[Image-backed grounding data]
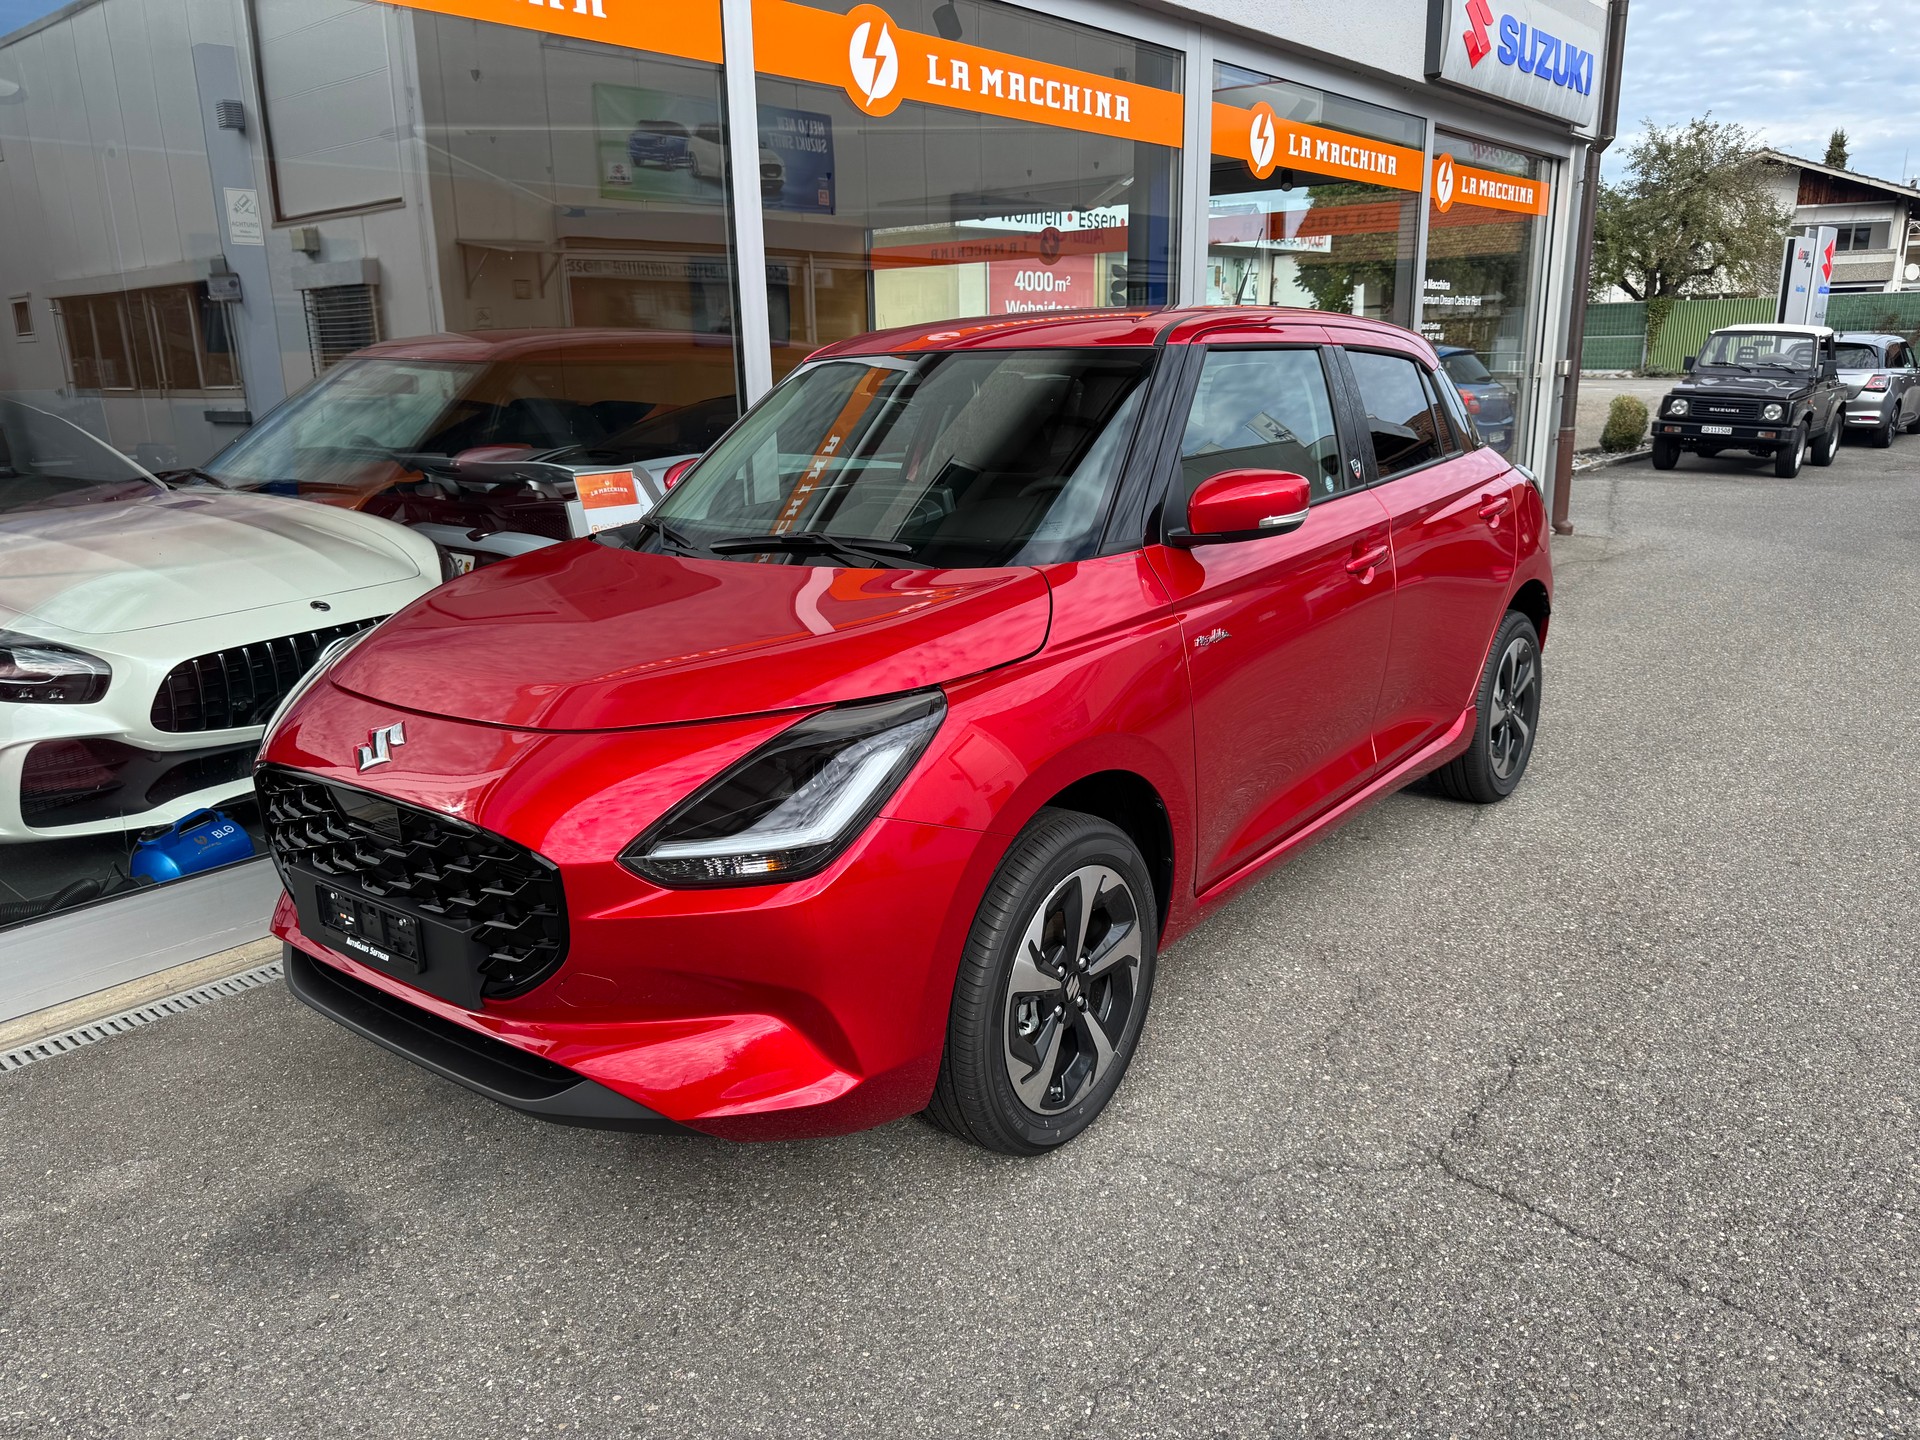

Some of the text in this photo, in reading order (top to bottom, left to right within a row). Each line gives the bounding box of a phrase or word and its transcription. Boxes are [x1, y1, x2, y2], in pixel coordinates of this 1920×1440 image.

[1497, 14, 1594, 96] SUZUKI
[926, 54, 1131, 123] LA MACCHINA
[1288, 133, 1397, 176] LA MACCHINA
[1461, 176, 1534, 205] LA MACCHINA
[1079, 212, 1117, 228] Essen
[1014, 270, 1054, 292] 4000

§ Work required:
Give every entry above again, exactly, and keep all pictures out of it.

§ Task output:
Some of the text in this photo, in reading order (top to bottom, left to right within a row). Each line gives the bounding box of a phrase or word and its transcription. Boxes are [x1, y1, x2, y2], in pixel coordinates of this 1920×1440 image.

[1497, 14, 1594, 96] SUZUKI
[926, 54, 1131, 123] LA MACCHINA
[1288, 133, 1397, 176] LA MACCHINA
[1461, 176, 1534, 205] LA MACCHINA
[1079, 212, 1117, 228] Essen
[1014, 270, 1054, 292] 4000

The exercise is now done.